On Friday afternoon, Trump signed an executive order indefinitely barring Syrian refugees from entering the United States, suspending all refugee admissions for 120 days and blocking all citizens of seven Muslim-majority countries from entering the United States for 90 days: Iran, Iraq, Libya, Somalia, Sudan, Syria and Yemen. Even American citizens are being detained as they arrive at airports all over the nation on flights from the Middle East.
Hate must be exposed and denounced.
Islamophobia is at an all time high – and so is the support of our Muslim brothers and sisters.
I started a movement to wear a headscarf to the airport every time I flew after careful conversation with a Muslim friend and mentor. Though she does not speak for all Muslims, she loved the idea of non-Muslim allies wearing a headscarf to the airport in order to stand in solidarity with Muslim men and women who are often discriminated against by TSA. The idea behind the movement is to dilute discrimination against Muslim people by making it harder for TSA agents to pick them out of a crowd. Hijabs are a very visual marker of Islam, and those who have chosen to wear it do so out of a religious belief that should be honored. Was America not founded on the freedom to practice whatever religion you want to? Did our settlers not flee Europe because of religious prosecution?
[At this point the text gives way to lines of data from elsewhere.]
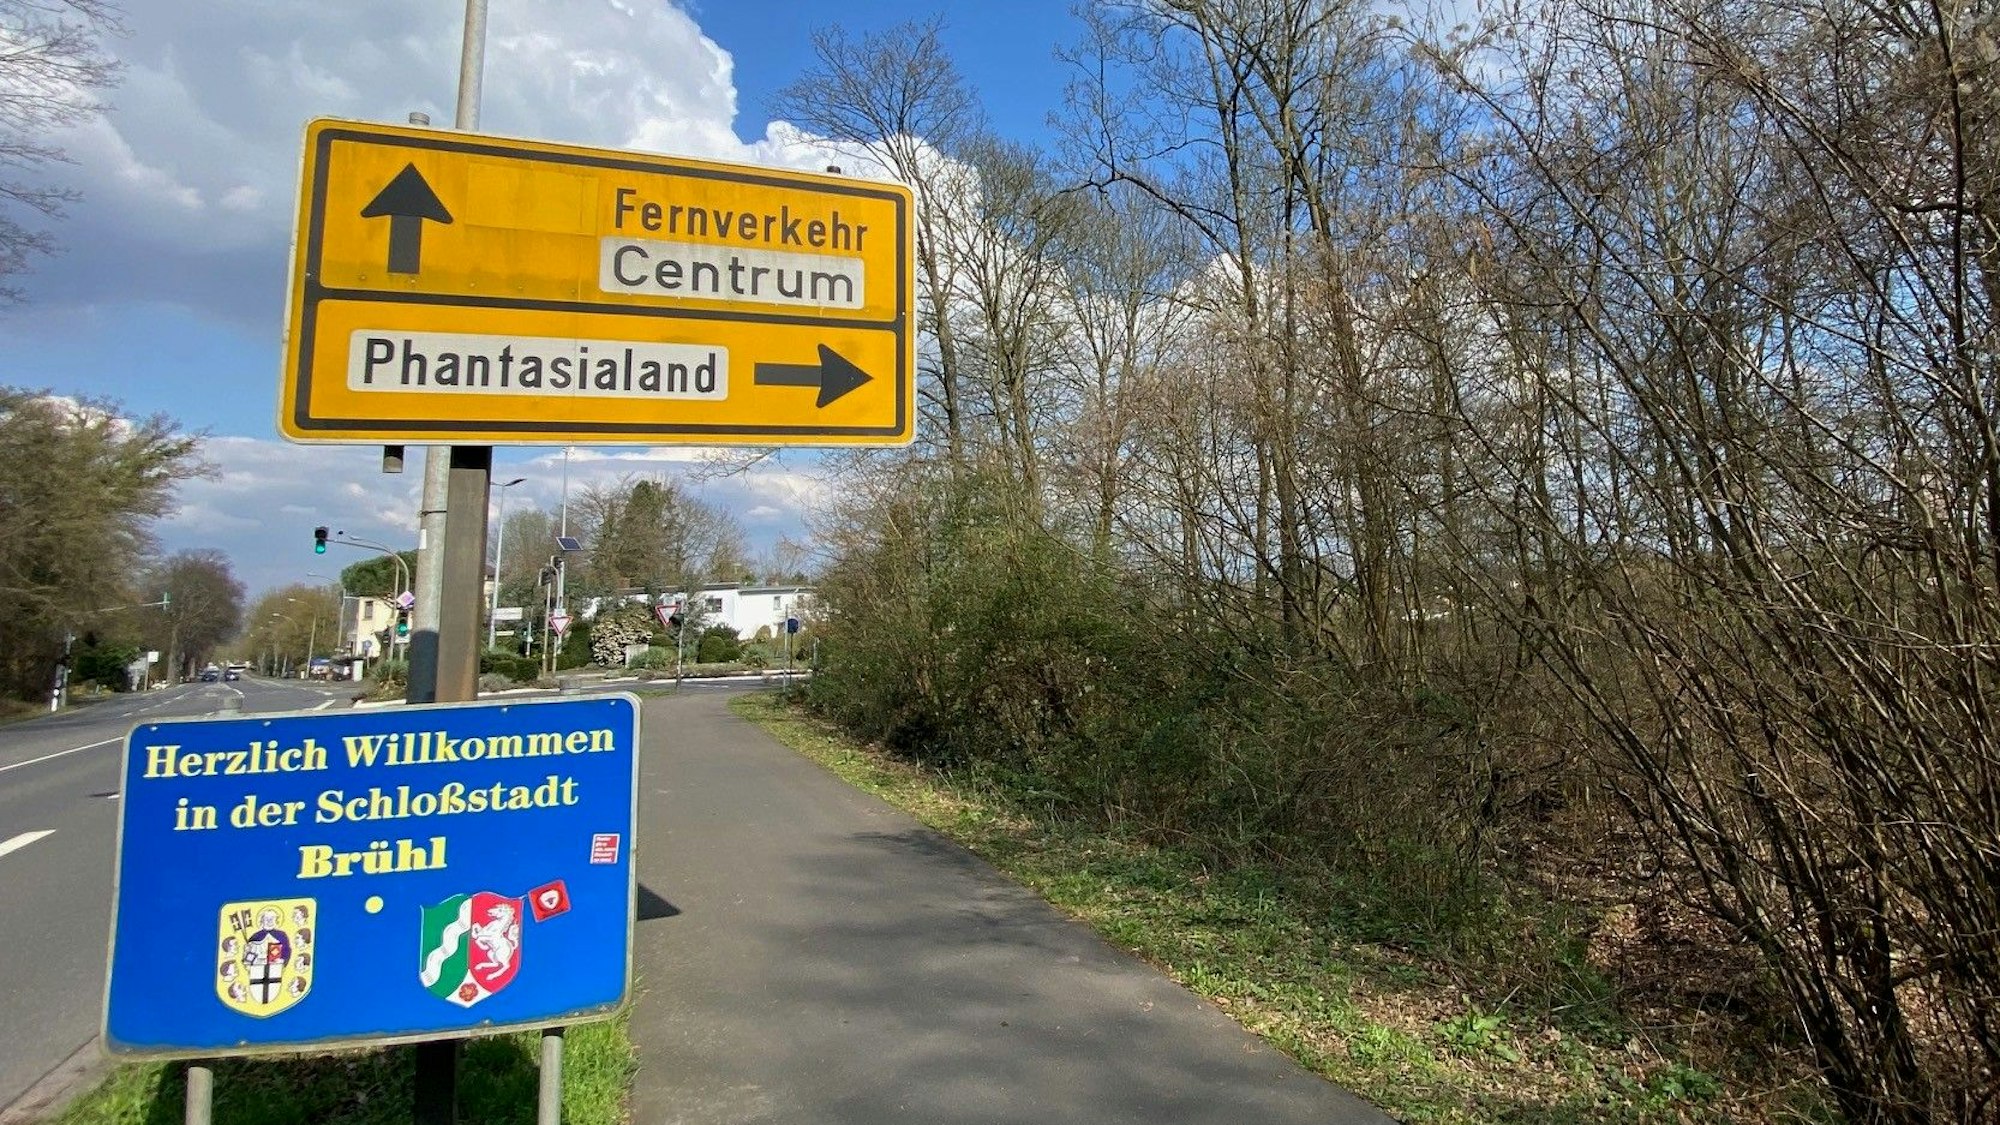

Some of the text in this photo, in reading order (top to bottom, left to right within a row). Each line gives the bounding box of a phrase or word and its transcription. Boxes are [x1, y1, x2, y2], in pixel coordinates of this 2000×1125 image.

[614, 187, 868, 252] Fernverkehr
[613, 244, 854, 302] Centrum
[363, 337, 716, 395] Phantasialand
[143, 728, 616, 778] Herzlich Willkommen
[174, 775, 580, 831] in der Schloßstadt
[296, 836, 448, 879] Brühl
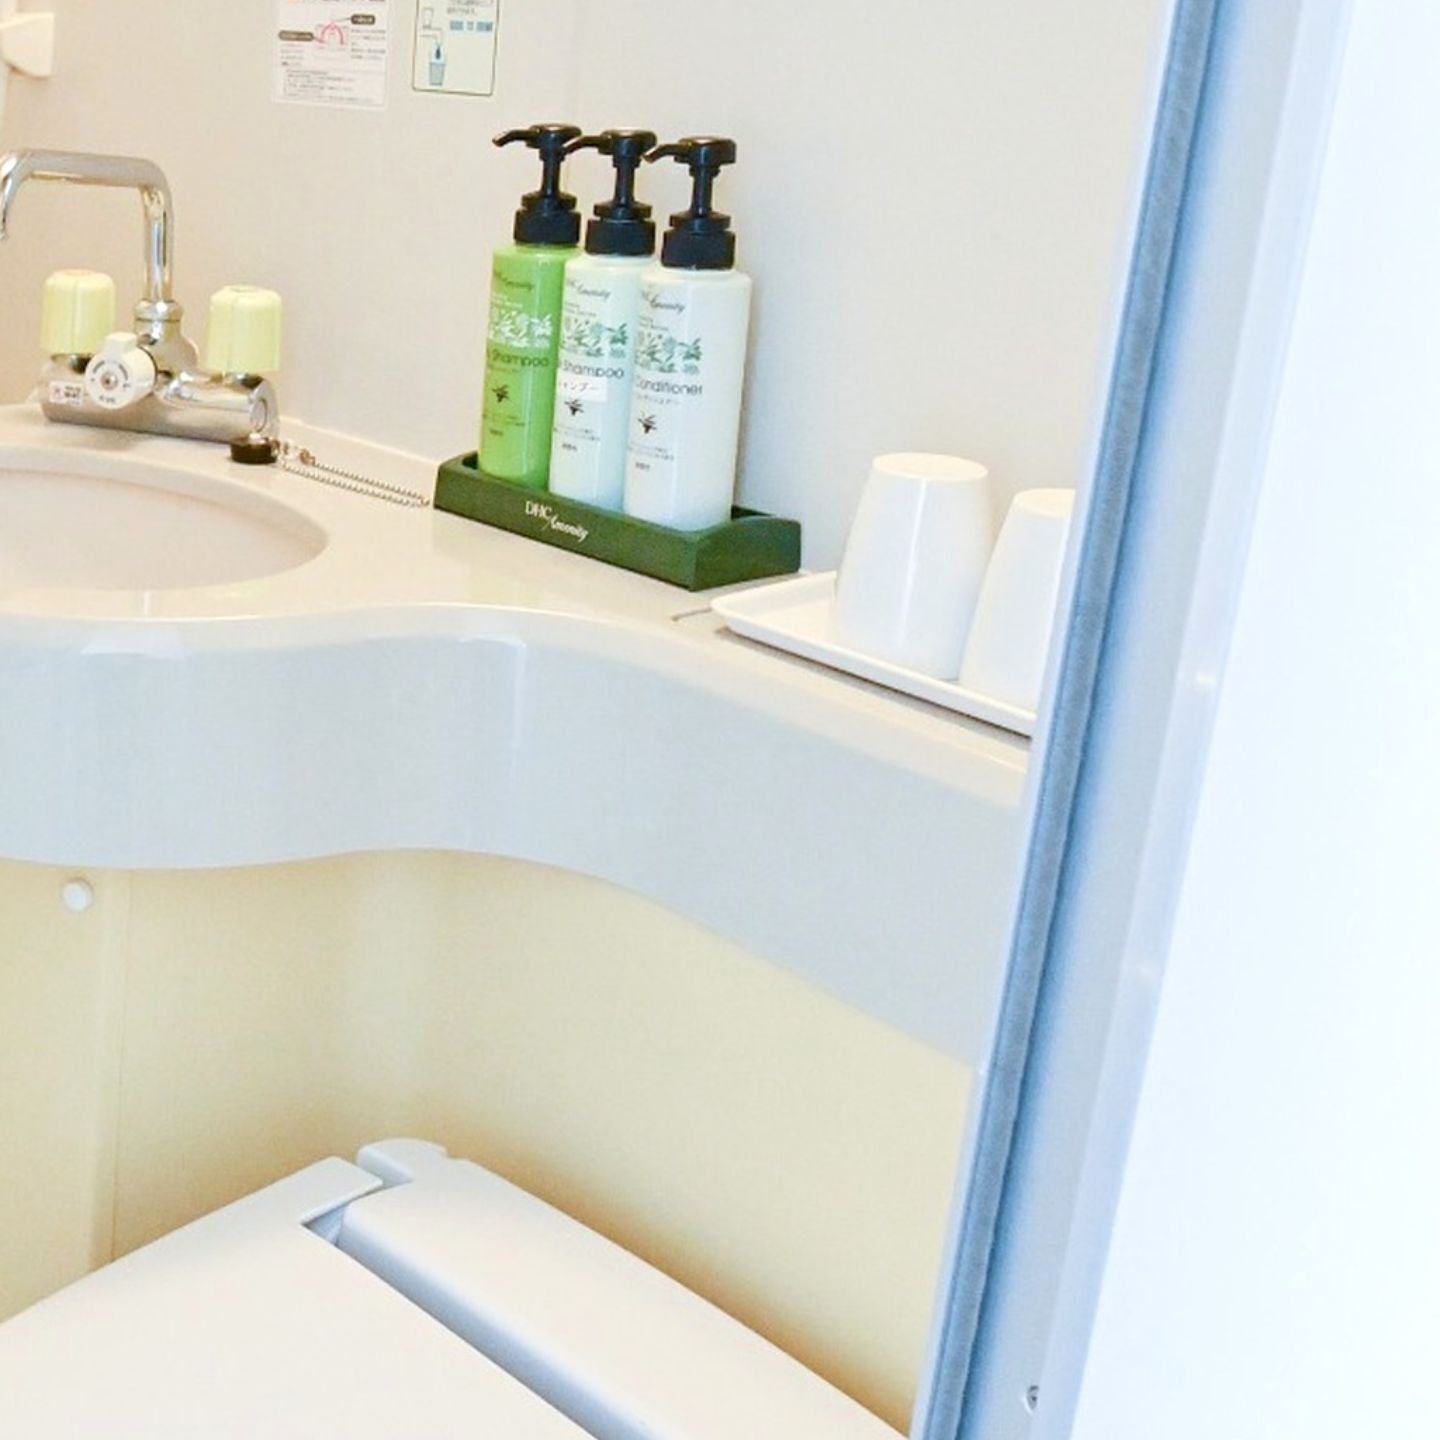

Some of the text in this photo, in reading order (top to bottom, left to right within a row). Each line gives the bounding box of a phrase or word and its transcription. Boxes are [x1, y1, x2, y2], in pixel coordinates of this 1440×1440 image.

[492, 348, 549, 367] Shampoo
[563, 360, 625, 380] Shampoo
[525, 500, 589, 542] DHC Amenity
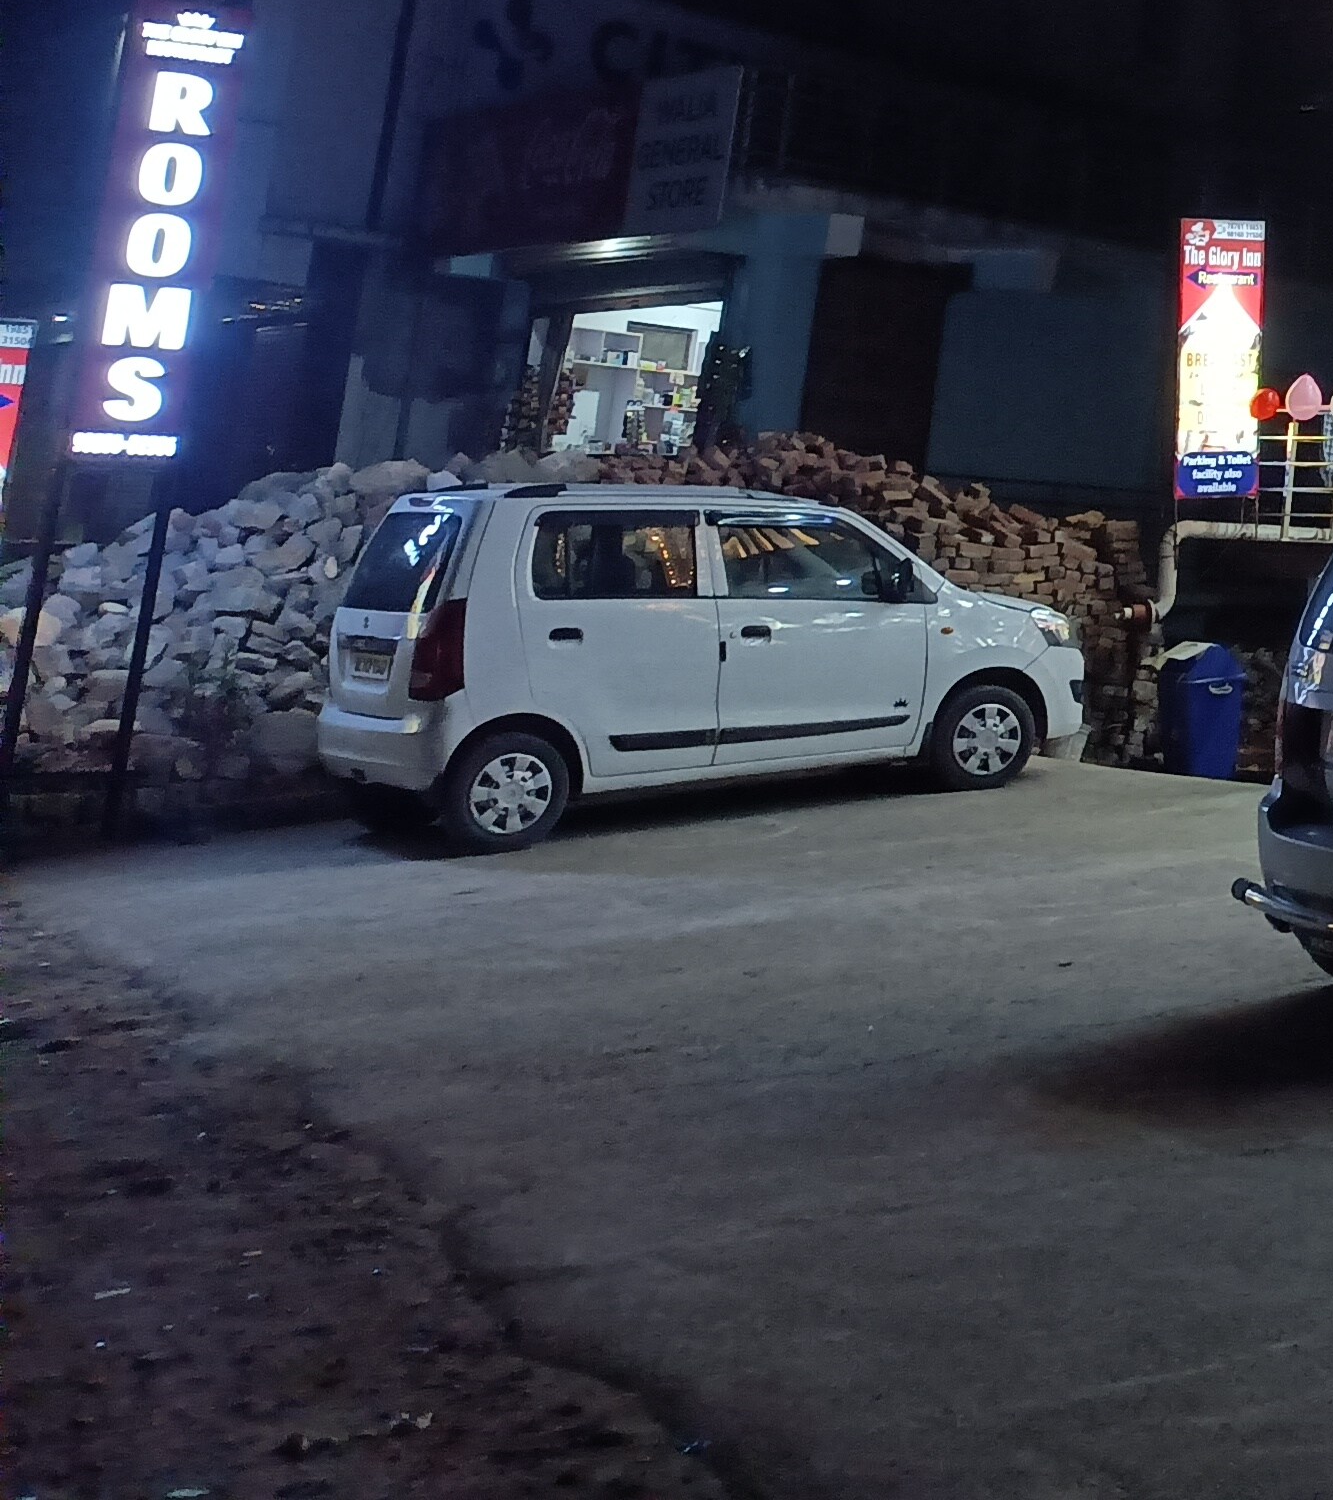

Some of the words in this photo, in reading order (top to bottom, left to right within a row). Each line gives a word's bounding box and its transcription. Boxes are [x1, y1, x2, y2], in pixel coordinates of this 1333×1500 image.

[637, 134, 724, 171] GENERAL
[645, 176, 708, 211] STORE
[101, 70, 215, 422] ROOMS
[1183, 245, 1206, 266] The
[1208, 246, 1241, 271] Glory
[1242, 248, 1262, 268] Inn
[1198, 271, 1255, 286] Rerant
[1187, 352, 1253, 368] BREST
[0, 362, 26, 385] nn
[1183, 455, 1217, 467] Parking
[1218, 455, 1226, 464] &
[1226, 454, 1252, 465] Toilet
[1192, 468, 1223, 480] facility
[1224, 468, 1242, 479] also
[1197, 482, 1237, 492] available
I have a medical condition that – without makeup – is pretty obvious. Though my skin is White – I know what it’s like to be treated differently because of the way that you look. I can’t and won’t ever compare the religious persecution of Muslims to an embarrassing medical condition – but my medical condition contributes to my understanding of discrimination based on one’s visual representation.
Many people have opened a dialogue with me for choosing this type of activism, which is great, I want to generate discussion. Others have chastised me for being a “White feminist” or an “attention whore.”
In fact, just yesterday an opinion piece was posted online about why wearing a hijab is, in fact, not the right way to proceed, and I agree with many of it’s points. But I also feel the need to defend my actions in hopes to inspire others to act as well.
Some important points:
- My only goal when I wear my headscarf is to dilute discrimination.
- I don’t call it a “hijab,” I call it a “headscarf,” because I am not a practicing Muslim.
- Anyone that asks if I AM Muslim, I say no.
During the most recent protests of Trump’s executive order at the Los Angeles International Airport, I wrapped the American flag around my head and wore it as a headscarf to show solidarity. (A few people are upset I used an American flag – to them I say poo poo. I have nothing but love for my country, but I will not worship a symbol of it’s current state of oppression. Or ever, really, it’s just a flag. I’ll wear it around my waist next time I’m volunteering at the VA – ok?)
The message I wanted to send was:
“We are all Muslim today.”
And just as I’ve done at Black Lives Matter protests, when I was asked by a reporter for a statement – I told him I was a non-Muslim ally and deferred to the voices that mattered.
As an activist and a journalist it has always been my main goal to make people care about things that are important – to educate through entertainment. I feel it’s my responsibility as a White woman to use my privilege to lift up the voices of those more marginalized than I am – and that’s what I was trying to do here. If any Muslim didn’t feel safe enough to attend the protests, I wanted to stand for them. If any Muslim didn’t feel like they were able to speak out – I wanted to speak for them.
My mentor contacted me after the protests and told me how grateful and happy she was to see such a diverse group of people at the airport in support of her and her community, because you expect Muslims to show up, but not necessarily everyone else. She reminded me just how rough Muslim Americans have had it since 9/11 and inspired me to go to the next protest without any headscarf at all because my presence as an ally is more important to her and I respect that – regardless of the protest’s location.
February 1st is World Hijab Day – and while it’s impossible to be able to experience the discrimination that Muslims encounter throughout their life in just one day – it could be an interesting opportunity for you to reach out to a Muslim friend and start a discussion. If you feel uncomfortable at any point throughout the day – feel free to take it off – but keep in mind your Muslim sisters who cannot do the same as easily. Perhaps, if nothing else, this activity will stimulate a growing sense of empathy from people who are different from you.
Here’s how to wear a hijab:
If you participate – send me a picture of you wearing your hijab and let’s start a discussion! While you’re at it -donate to the cause, I did: www.cair.com
No one’s feminism is perfect – we are all learning and growing and changing together. It’s important to note that while wearing a headscarf in solidarity is a great first step – it should not be the only step you take to fight Islamophobia.
Take a moment to send a few letters of love and support to your local mosques. You can get their addresses with a simple “mosques near me” Google search.
You can (and should) also take some time to volunteer in the Muslim community. VolunteerMatch.org is a great place to find local community that offer education and service opportunities.